**EXERCISE**
Your task is to copy the listing exactly. Drop any pictures from the copy.

══════════════════════════════

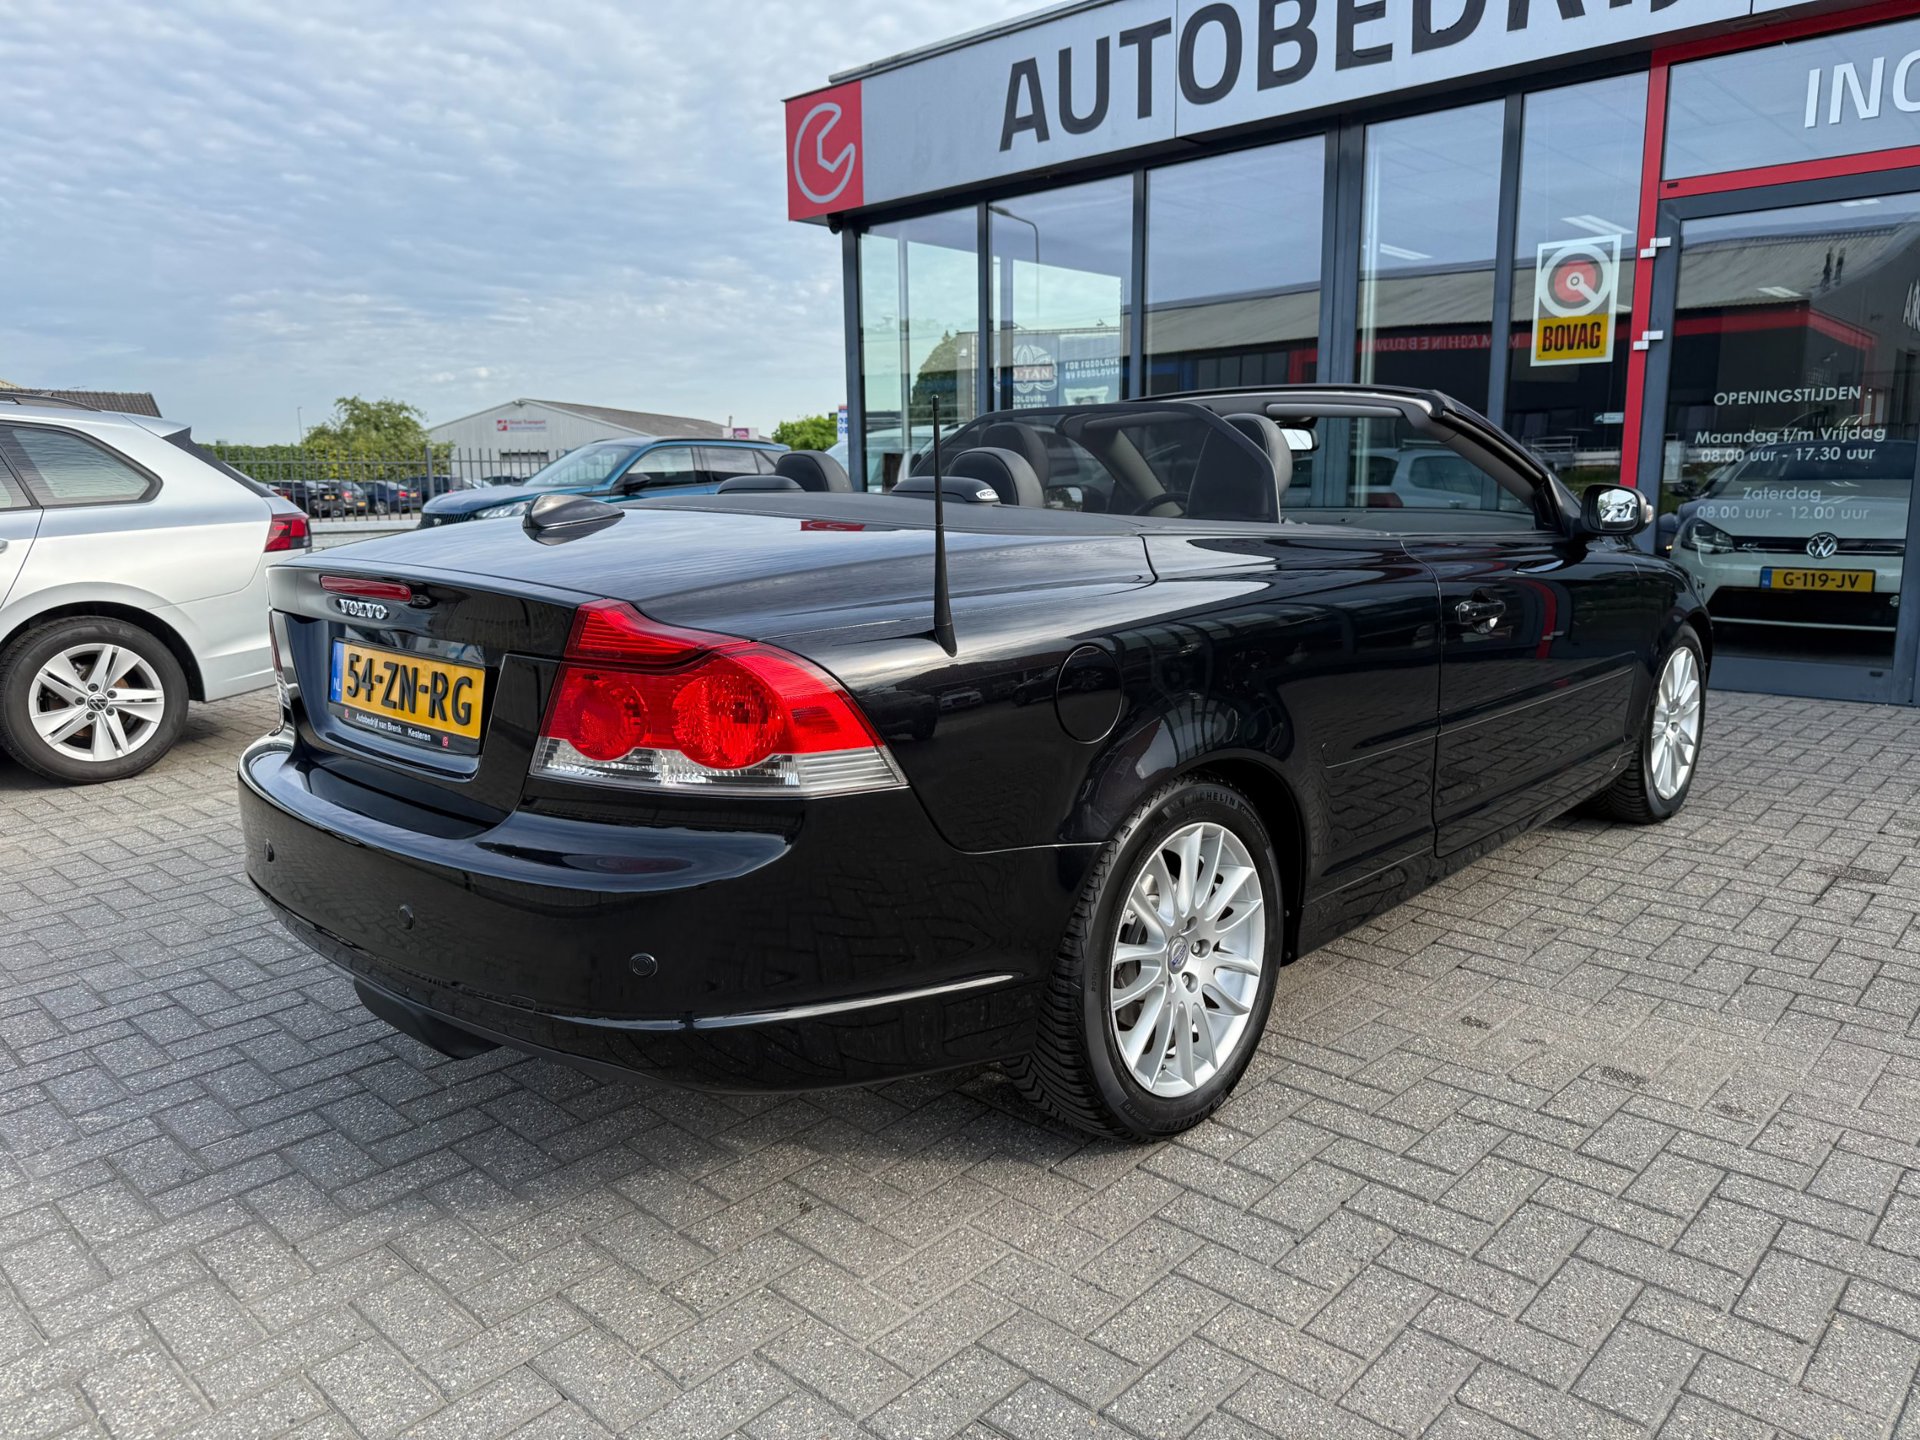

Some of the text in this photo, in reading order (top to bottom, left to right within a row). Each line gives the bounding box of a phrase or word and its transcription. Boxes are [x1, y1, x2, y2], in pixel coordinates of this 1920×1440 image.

[999, 0, 1680, 152] AUTOBE
[1542, 321, 1602, 352] BOVAG
[1713, 385, 1862, 406] OPENINGSTIJDEN
[1694, 426, 1887, 446] Maandag t/m Vrijdag
[1700, 449, 1745, 463] 08.00
[1750, 451, 1777, 462] uur
[1795, 446, 1841, 461] 17.30
[1846, 448, 1876, 460] uur
[1743, 487, 1822, 503] Zaterdag
[1696, 505, 1740, 519] 08.00
[1745, 507, 1772, 519] uur
[1791, 506, 1836, 520] 12.00
[1841, 507, 1870, 520] uur
[1783, 571, 1860, 589] G-119-JV
[338, 598, 388, 620] VOLVO
[333, 653, 473, 726] NL 54-ZN-RG
[407, 727, 431, 741] Kesteren

══════════════════════════════

**RESPONSE AREA**
Some of the text in this photo, in reading order (top to bottom, left to right within a row). Each line gives the bounding box of a phrase or word and its transcription. Boxes are [x1, y1, x2, y2], in pixel coordinates of this 1920×1440 image.

[999, 0, 1680, 152] AUTOBE
[1542, 321, 1602, 352] BOVAG
[1713, 385, 1862, 406] OPENINGSTIJDEN
[1694, 426, 1887, 446] Maandag t/m Vrijdag
[1700, 449, 1745, 463] 08.00
[1750, 451, 1777, 462] uur
[1795, 446, 1841, 461] 17.30
[1846, 448, 1876, 460] uur
[1743, 487, 1822, 503] Zaterdag
[1696, 505, 1740, 519] 08.00
[1745, 507, 1772, 519] uur
[1791, 506, 1836, 520] 12.00
[1841, 507, 1870, 520] uur
[1783, 571, 1860, 589] G-119-JV
[338, 598, 388, 620] VOLVO
[333, 653, 473, 726] NL 54-ZN-RG
[407, 727, 431, 741] Kesteren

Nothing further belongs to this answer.